## [ASSIGNMENT]
Reproduce the data below word for word, setting aside any picture it holds.
:: TASK MATERIAL ::
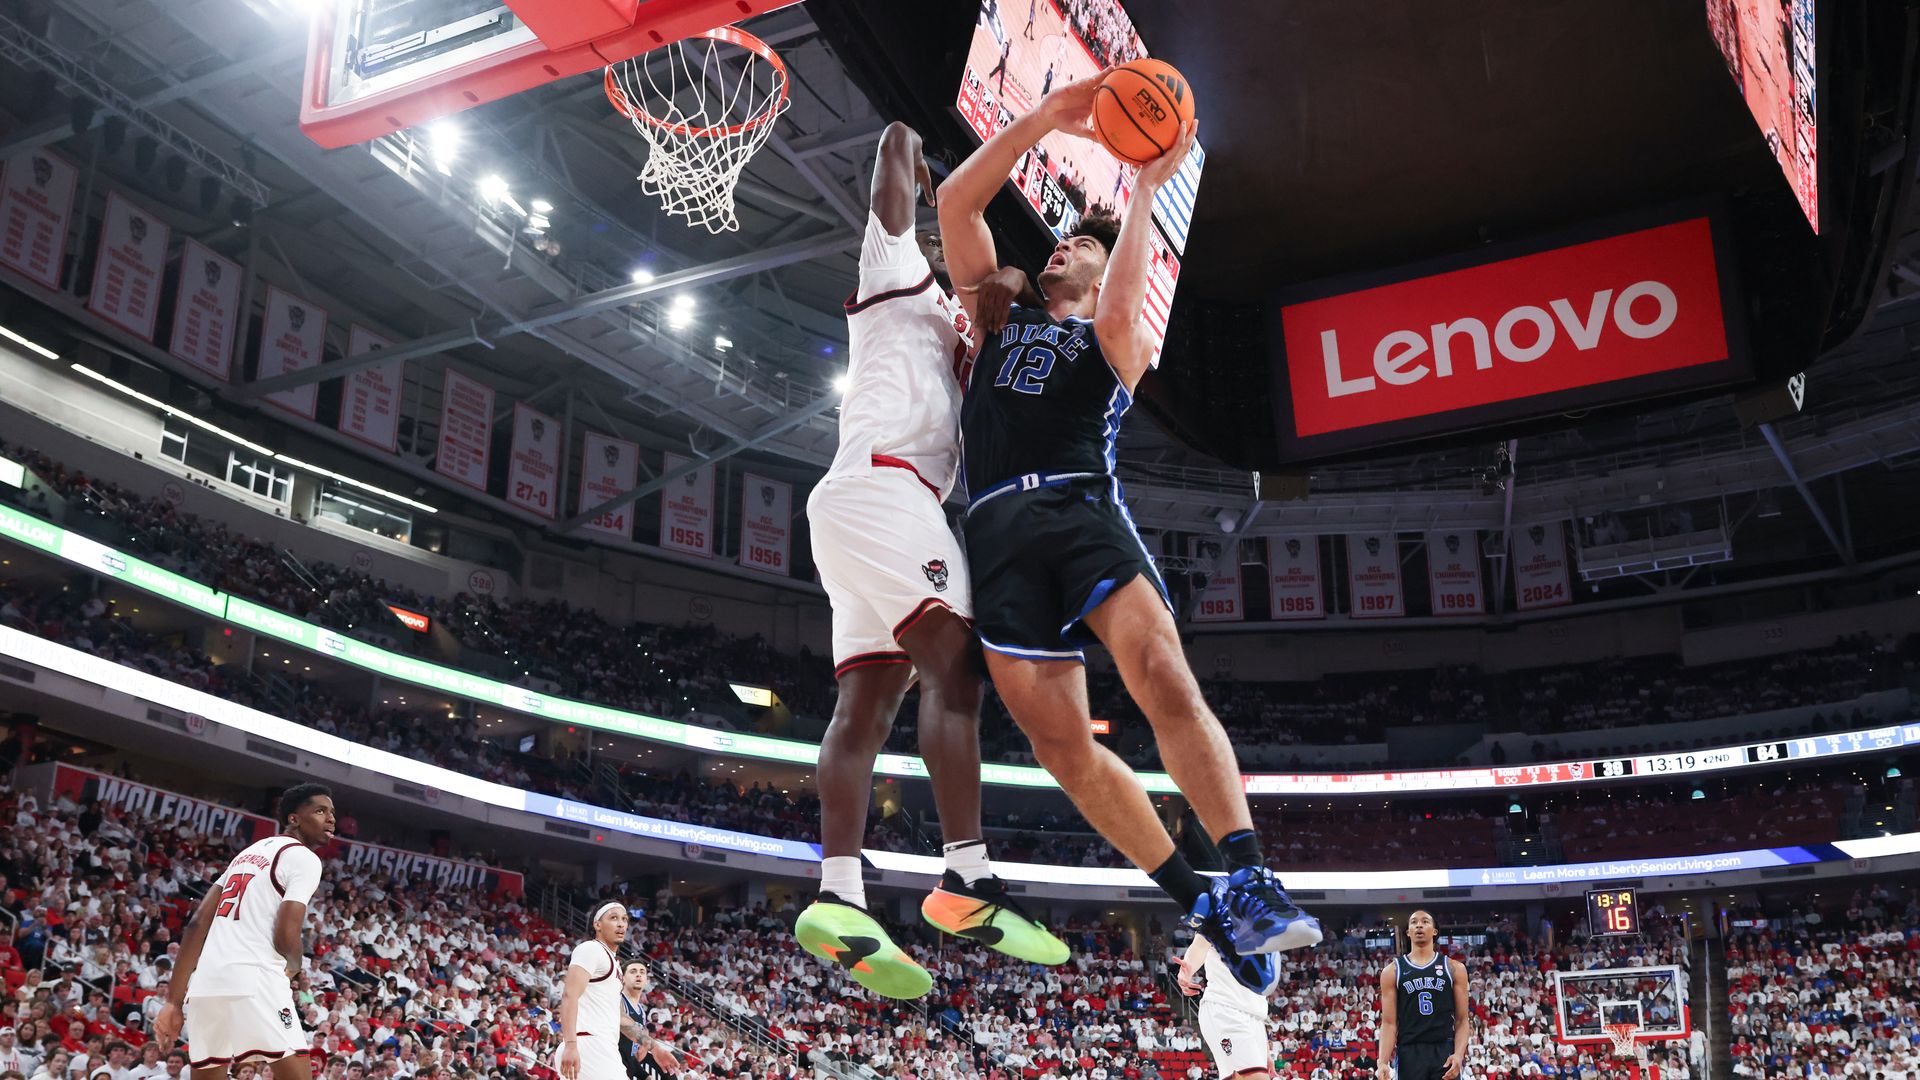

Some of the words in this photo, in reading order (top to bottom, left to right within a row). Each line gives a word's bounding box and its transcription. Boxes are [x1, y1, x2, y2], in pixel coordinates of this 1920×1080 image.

[1137, 88, 1167, 122] PRO
[1043, 186, 1062, 217] 13:19
[1000, 324, 1090, 362] DUKE
[1320, 280, 1679, 398] Lenovo
[994, 346, 1057, 395] 12
[516, 481, 548, 508] 27-0
[592, 511, 624, 531] 954
[670, 526, 705, 548] 1955
[749, 545, 783, 567] 1956
[1519, 559, 1562, 573] CHAMPIONS
[1275, 574, 1316, 584] CHAMPIONS
[1354, 572, 1397, 582] CHAMPIONS
[1434, 570, 1476, 579] CHAMPIONS
[1359, 595, 1395, 611] 1987
[1440, 592, 1476, 608] 1989
[1523, 582, 1564, 603] 2024
[1200, 599, 1235, 615] 1983
[1279, 596, 1315, 612] 1985
[228, 602, 260, 625] FUEL
[260, 614, 304, 639] POINTS
[433, 671, 462, 689] FUEL
[573, 708, 589, 720] UP
[589, 710, 605, 723] TO
[638, 721, 683, 736] GALLON
[1709, 754, 1730, 763] 2ND
[1756, 744, 1780, 761] 64
[1646, 755, 1696, 772] 13:19
[594, 810, 623, 827] Learn
[623, 816, 650, 832] More
[651, 823, 662, 833] at
[664, 823, 784, 853] LibertySeniorLiving.com
[1523, 869, 1555, 880] Learn
[1557, 867, 1586, 878] More
[1588, 865, 1600, 876] at
[1602, 855, 1741, 877] LibertySeniorLiving.com
[216, 873, 256, 921] 21
[1597, 893, 1632, 908] 13:19
[1607, 907, 1630, 931] 16
[1403, 977, 1446, 994] DUKE
[1418, 991, 1434, 1016] 6
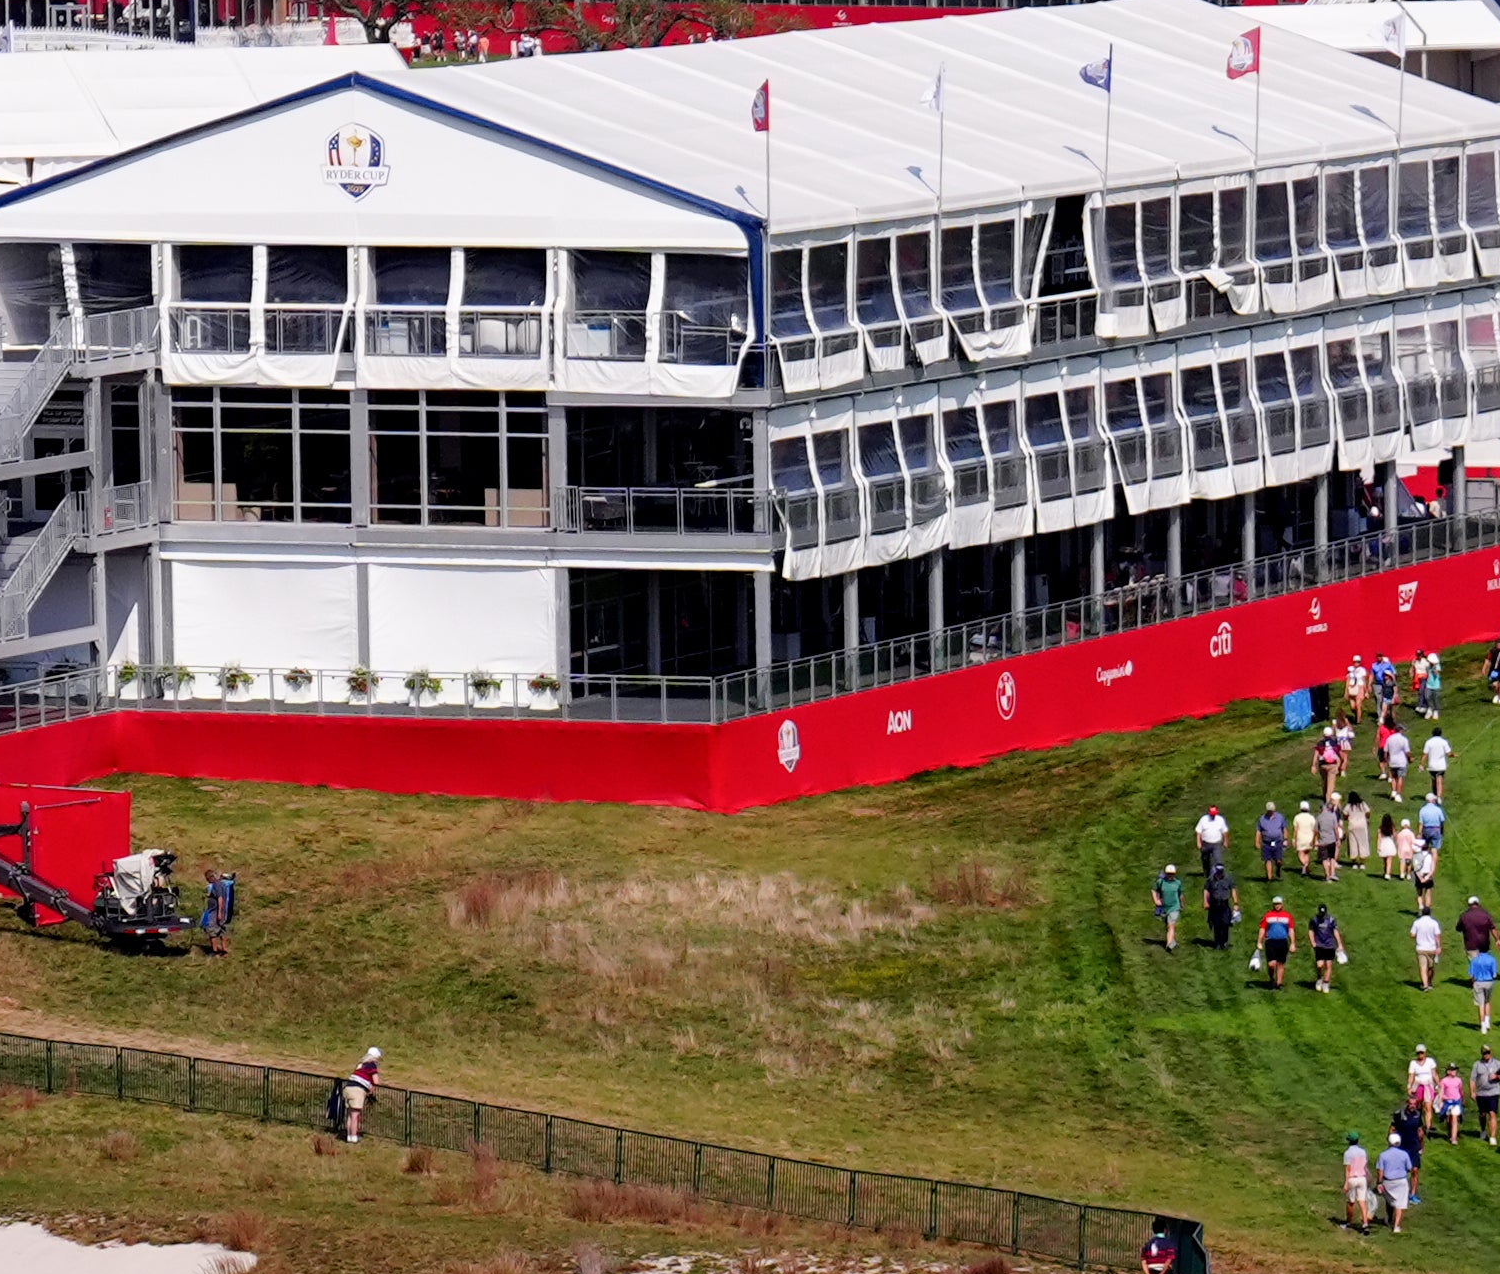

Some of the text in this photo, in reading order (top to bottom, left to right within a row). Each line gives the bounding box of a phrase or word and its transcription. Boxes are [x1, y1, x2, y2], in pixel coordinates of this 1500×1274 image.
:::
## [ANSWER TO THE PROBLEM]
Some of the words in this photo, in reading order (top to bottom, left to right within a row). Each line gives a word's bounding box and its transcription. Boxes are [x1, y1, x2, y2], in pixel coordinates of this 1920×1080 image.

[1137, 88, 1167, 122] PRO
[1043, 186, 1062, 217] 13:19
[1000, 324, 1090, 362] DUKE
[1320, 280, 1679, 398] Lenovo
[994, 346, 1057, 395] 12
[516, 481, 548, 508] 27-0
[592, 511, 624, 531] 954
[670, 526, 705, 548] 1955
[749, 545, 783, 567] 1956
[1519, 559, 1562, 573] CHAMPIONS
[1275, 574, 1316, 584] CHAMPIONS
[1354, 572, 1397, 582] CHAMPIONS
[1434, 570, 1476, 579] CHAMPIONS
[1359, 595, 1395, 611] 1987
[1440, 592, 1476, 608] 1989
[1523, 582, 1564, 603] 2024
[1200, 599, 1235, 615] 1983
[1279, 596, 1315, 612] 1985
[228, 602, 260, 625] FUEL
[260, 614, 304, 639] POINTS
[433, 671, 462, 689] FUEL
[573, 708, 589, 720] UP
[589, 710, 605, 723] TO
[638, 721, 683, 736] GALLON
[1709, 754, 1730, 763] 2ND
[1756, 744, 1780, 761] 64
[1646, 755, 1696, 772] 13:19
[594, 810, 623, 827] Learn
[623, 816, 650, 832] More
[651, 823, 662, 833] at
[664, 823, 784, 853] LibertySeniorLiving.com
[1523, 869, 1555, 880] Learn
[1557, 867, 1586, 878] More
[1588, 865, 1600, 876] at
[1602, 855, 1741, 877] LibertySeniorLiving.com
[216, 873, 256, 921] 21
[1597, 893, 1632, 908] 13:19
[1607, 907, 1630, 931] 16
[1403, 977, 1446, 994] DUKE
[1418, 991, 1434, 1016] 6

Some of the text in this photo, in reading order (top to bottom, left to right within a row). Each line gives the bounding box of a phrase or word and its transcription. Boxes are [x1, y1, x2, y2], in pixel coordinates of this 1500×1274 image.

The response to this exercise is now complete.